**Exercise description:** Please reproduce the data exactly, excluding any pictures it contains.
====== Records shown ======
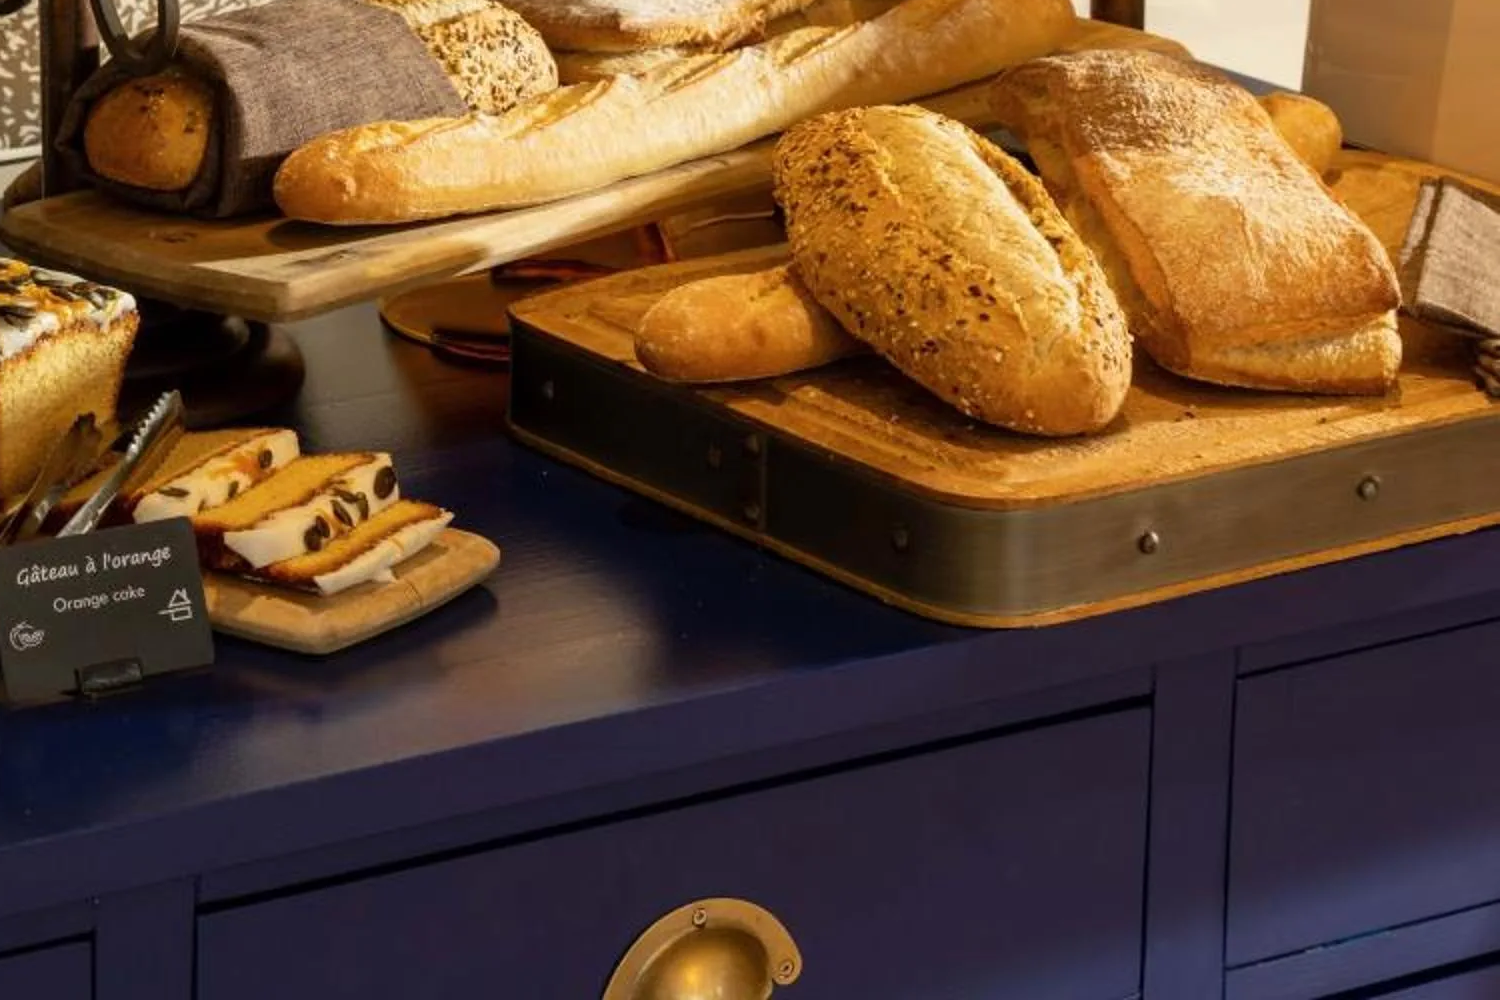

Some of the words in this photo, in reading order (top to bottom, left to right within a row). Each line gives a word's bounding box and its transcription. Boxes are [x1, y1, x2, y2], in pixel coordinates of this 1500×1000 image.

[17, 563, 78, 587] Gâteau
[85, 556, 96, 574] à
[103, 546, 171, 571] l'orange
[53, 593, 110, 612] Orange
[112, 585, 145, 602] cake
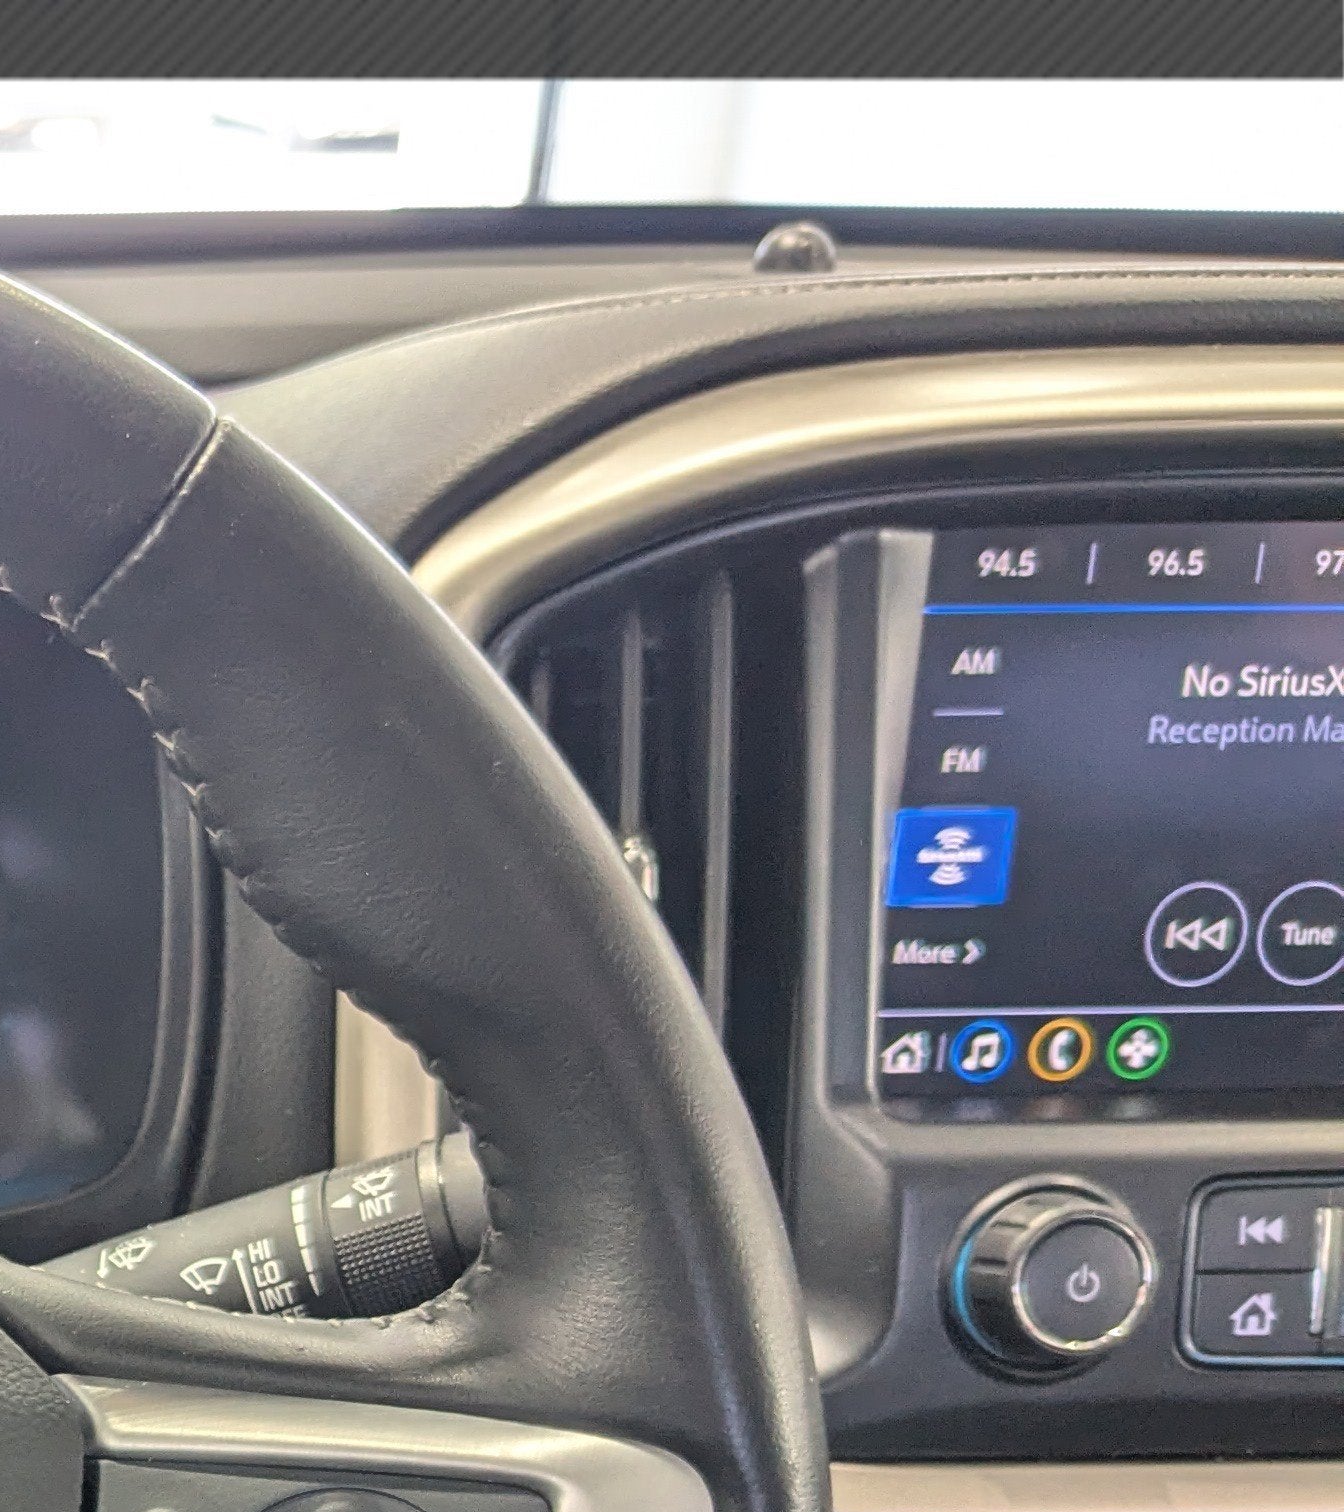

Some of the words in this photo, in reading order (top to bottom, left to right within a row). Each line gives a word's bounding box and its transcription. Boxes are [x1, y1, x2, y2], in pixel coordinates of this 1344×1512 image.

[978, 549, 1037, 577] 94.5
[1148, 549, 1204, 576] 96.5
[951, 649, 997, 675] AM
[1181, 664, 1229, 698] No
[1148, 715, 1295, 750] Reception
[941, 748, 984, 773] FM
[1281, 921, 1335, 946] Tune
[892, 939, 956, 964] More
[359, 1194, 395, 1221] INT
[248, 1239, 271, 1263] HI
[253, 1261, 282, 1288] LO
[259, 1280, 298, 1312] INT
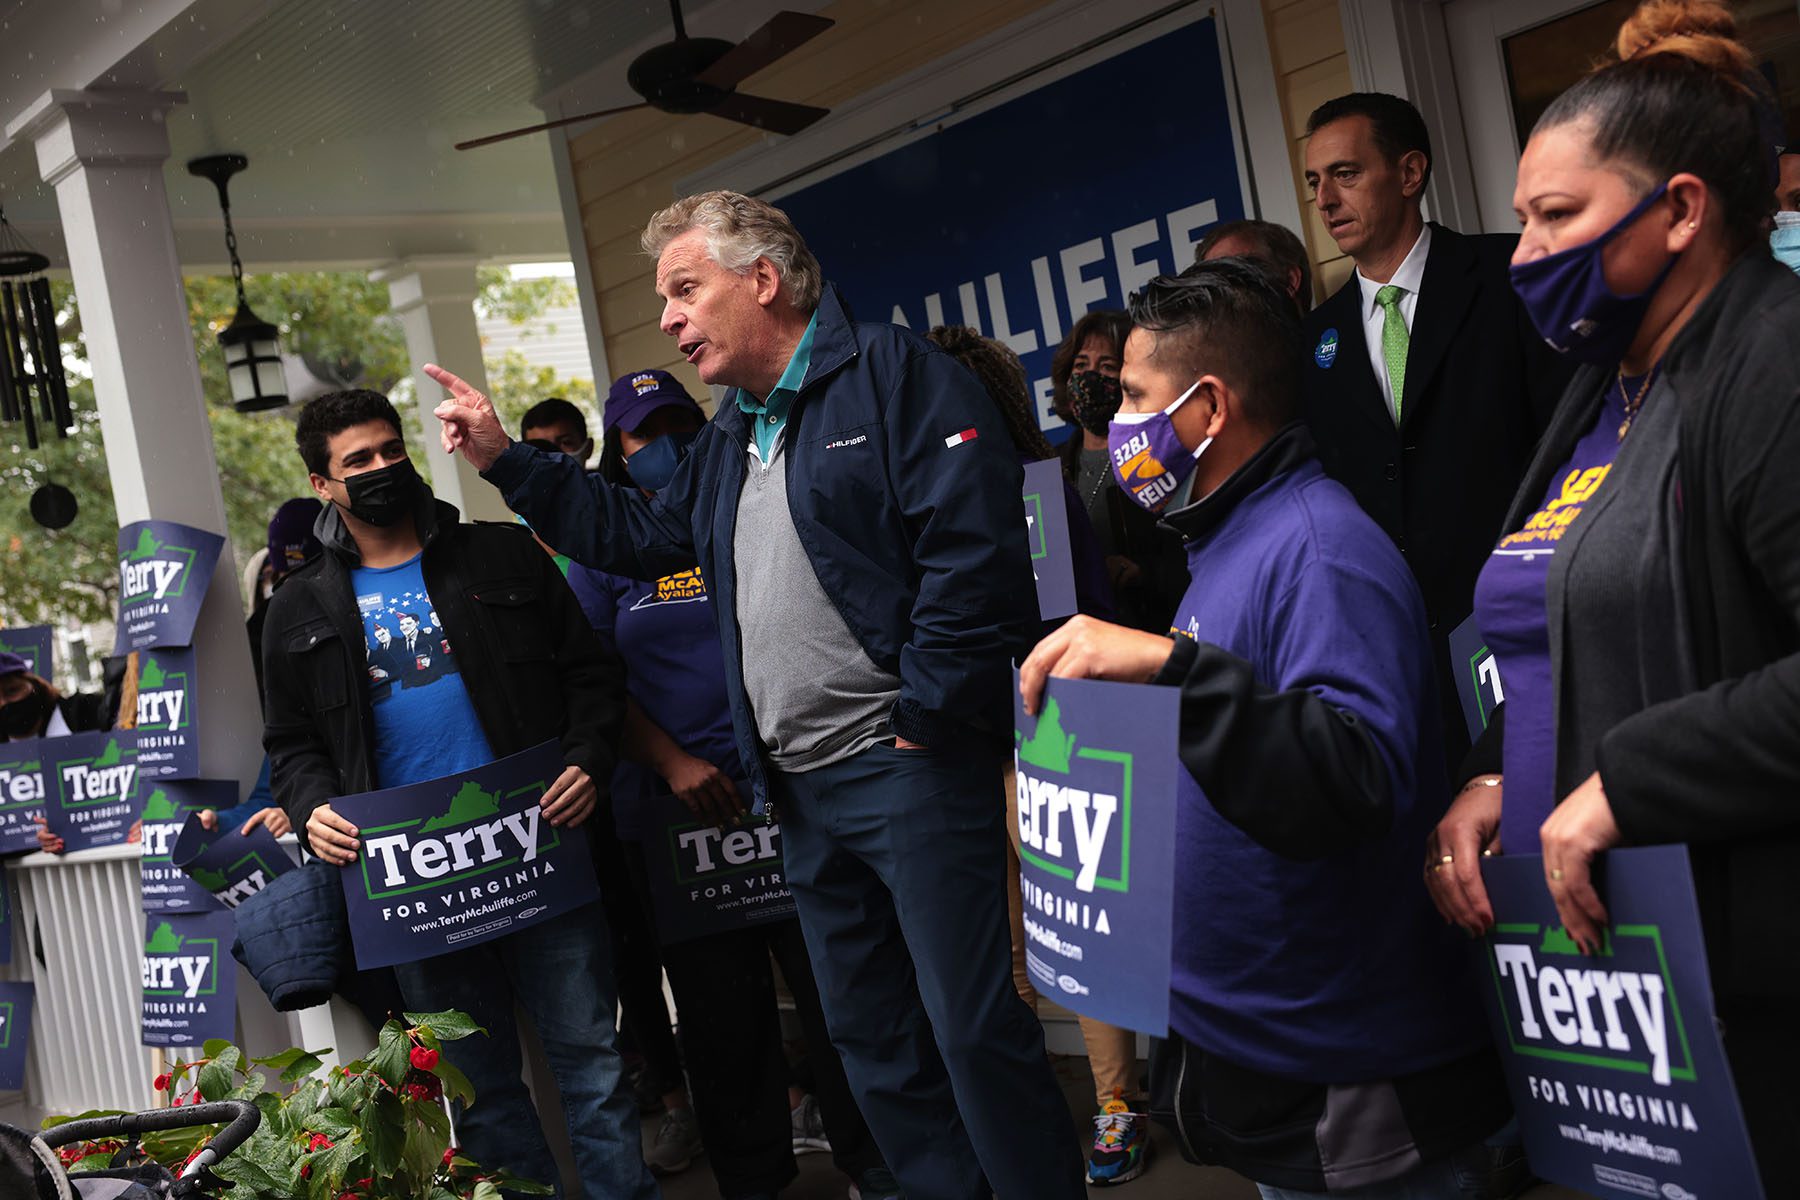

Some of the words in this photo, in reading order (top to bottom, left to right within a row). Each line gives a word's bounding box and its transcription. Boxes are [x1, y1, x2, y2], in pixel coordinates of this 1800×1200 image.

[891, 198, 1218, 355] ULIFF
[832, 434, 867, 448] HILFIGER
[1114, 430, 1150, 467] 32BJ
[1137, 471, 1178, 508] SEIU
[658, 577, 705, 592] McA
[137, 690, 184, 731] rry
[63, 764, 136, 801] Terry
[70, 811, 90, 824] FOR
[1015, 750, 1117, 893] erry
[141, 823, 184, 855] rr
[365, 804, 542, 888] Terry
[679, 824, 780, 872] Ter
[142, 868, 190, 881] IRGIN
[383, 901, 428, 921] FOR
[441, 861, 555, 909] VIRGINIA
[691, 884, 732, 901] FOR
[745, 874, 781, 888] VIR
[411, 889, 537, 933] www.TerryMcAuliffe.com
[1024, 878, 1110, 936] VIRGINIA
[1494, 944, 1671, 1086] Terry
[1528, 1076, 1570, 1106] FOR
[1576, 1084, 1698, 1132] VIRGINIA
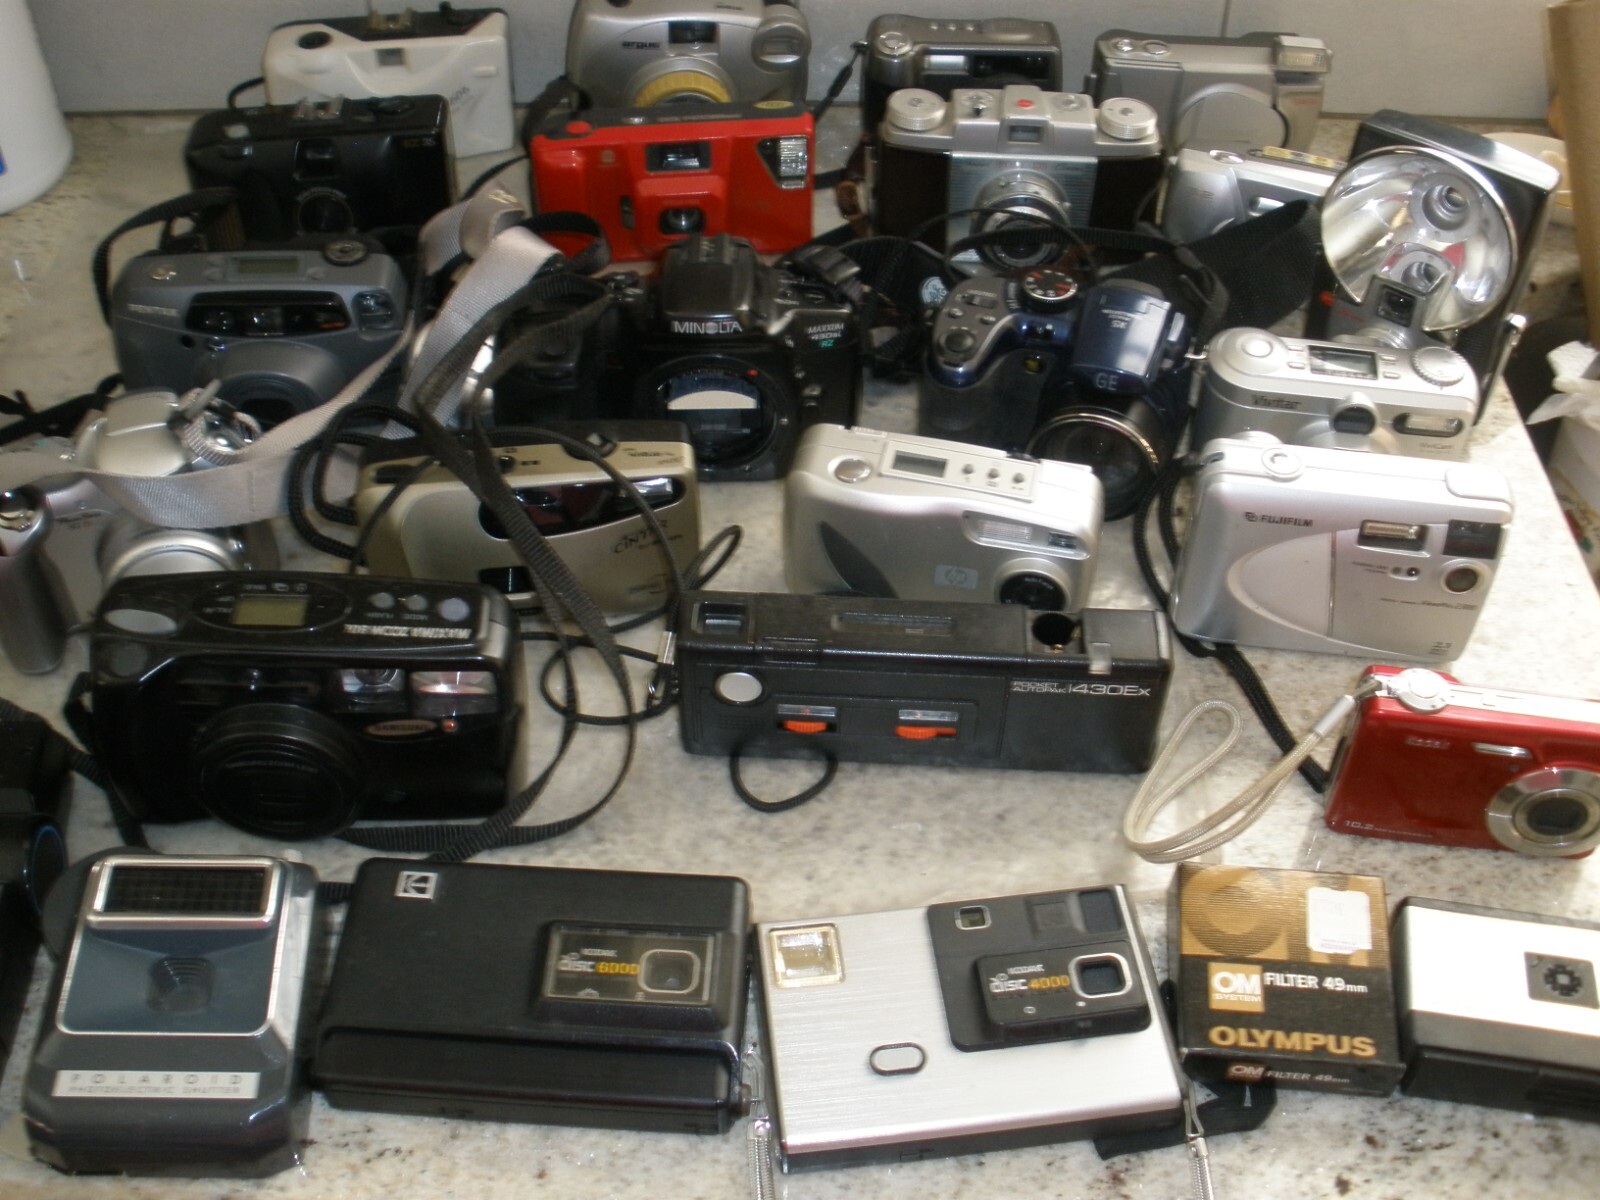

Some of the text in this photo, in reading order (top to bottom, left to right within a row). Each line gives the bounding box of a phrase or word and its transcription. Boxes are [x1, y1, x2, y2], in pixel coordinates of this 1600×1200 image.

[622, 41, 660, 50] argus
[672, 320, 743, 335] MINOLTA
[807, 323, 844, 335] MAXXUM
[1096, 372, 1119, 391] GE
[1251, 394, 1302, 410] Vivitar
[1261, 514, 1314, 528] FUJIFILM
[1011, 680, 1060, 688] POCKET
[596, 962, 640, 975] 6000
[1029, 975, 1071, 990] 4000
[1211, 971, 1368, 995] OM FILTER 49mm
[1213, 993, 1262, 1003] SYSTEM
[1208, 1025, 1378, 1058] OLYMPUS
[70, 1073, 243, 1085] POLAROID
[1230, 1064, 1265, 1077] OM
[1267, 1070, 1312, 1081] FILTER
======
**Response below:**
Some of the words in this photo, in reading order (top to bottom, left to right within a row). Each line gives a word's bounding box and its transcription. Boxes are [x1, y1, x2, y2], in pixel coordinates of this 1500×1000 image.

[17, 563, 78, 587] Gâteau
[85, 556, 96, 574] à
[103, 546, 171, 571] l'orange
[53, 593, 110, 612] Orange
[112, 585, 145, 602] cake

Some of the words in this photo, in reading order (top to bottom, left to right within a row). Each line gives a word's bounding box and its transcription. Boxes are [x1, y1, x2, y2], in pixel coordinates of this 1344×1512 image.

[978, 549, 1037, 577] 94.5
[1148, 549, 1204, 576] 96.5
[951, 649, 997, 675] AM
[1181, 664, 1229, 698] No
[1148, 715, 1295, 750] Reception
[941, 748, 984, 773] FM
[1281, 921, 1335, 946] Tune
[892, 939, 956, 964] More
[359, 1194, 395, 1221] INT
[248, 1239, 271, 1263] HI
[253, 1261, 282, 1288] LO
[259, 1280, 298, 1312] INT

Some of the words in this photo, in reading order (top to bottom, left to right within a row). Each line gives a word's bounding box and its transcription. Boxes are [x1, y1, x2, y2], in pixel coordinates of this 1800×1200 image.

[891, 198, 1218, 355] ULIFF
[832, 434, 867, 448] HILFIGER
[1114, 430, 1150, 467] 32BJ
[1137, 471, 1178, 508] SEIU
[658, 577, 705, 592] McA
[137, 690, 184, 731] rry
[63, 764, 136, 801] Terry
[70, 811, 90, 824] FOR
[1015, 750, 1117, 893] erry
[141, 823, 184, 855] rr
[365, 804, 542, 888] Terry
[679, 824, 780, 872] Ter
[142, 868, 190, 881] IRGIN
[383, 901, 428, 921] FOR
[441, 861, 555, 909] VIRGINIA
[691, 884, 732, 901] FOR
[745, 874, 781, 888] VIR
[411, 889, 537, 933] www.TerryMcAuliffe.com
[1024, 878, 1110, 936] VIRGINIA
[1494, 944, 1671, 1086] Terry
[1528, 1076, 1570, 1106] FOR
[1576, 1084, 1698, 1132] VIRGINIA

Some of the text in this photo, in reading order (top to bottom, left to right within a row). Each line gives the bounding box of a phrase or word and its transcription. Boxes are [x1, y1, x2, y2], in pixel coordinates of this 1600×1200 image.

[622, 41, 660, 50] argus
[672, 320, 743, 335] MINOLTA
[807, 323, 844, 335] MAXXUM
[1096, 372, 1119, 391] GE
[1251, 394, 1302, 410] Vivitar
[1261, 514, 1314, 528] FUJIFILM
[1011, 680, 1060, 688] POCKET
[596, 962, 640, 975] 6000
[1029, 975, 1071, 990] 4000
[1211, 971, 1368, 995] OM FILTER 49mm
[1213, 993, 1262, 1003] SYSTEM
[1208, 1025, 1378, 1058] OLYMPUS
[70, 1073, 243, 1085] POLAROID
[1230, 1064, 1265, 1077] OM
[1267, 1070, 1312, 1081] FILTER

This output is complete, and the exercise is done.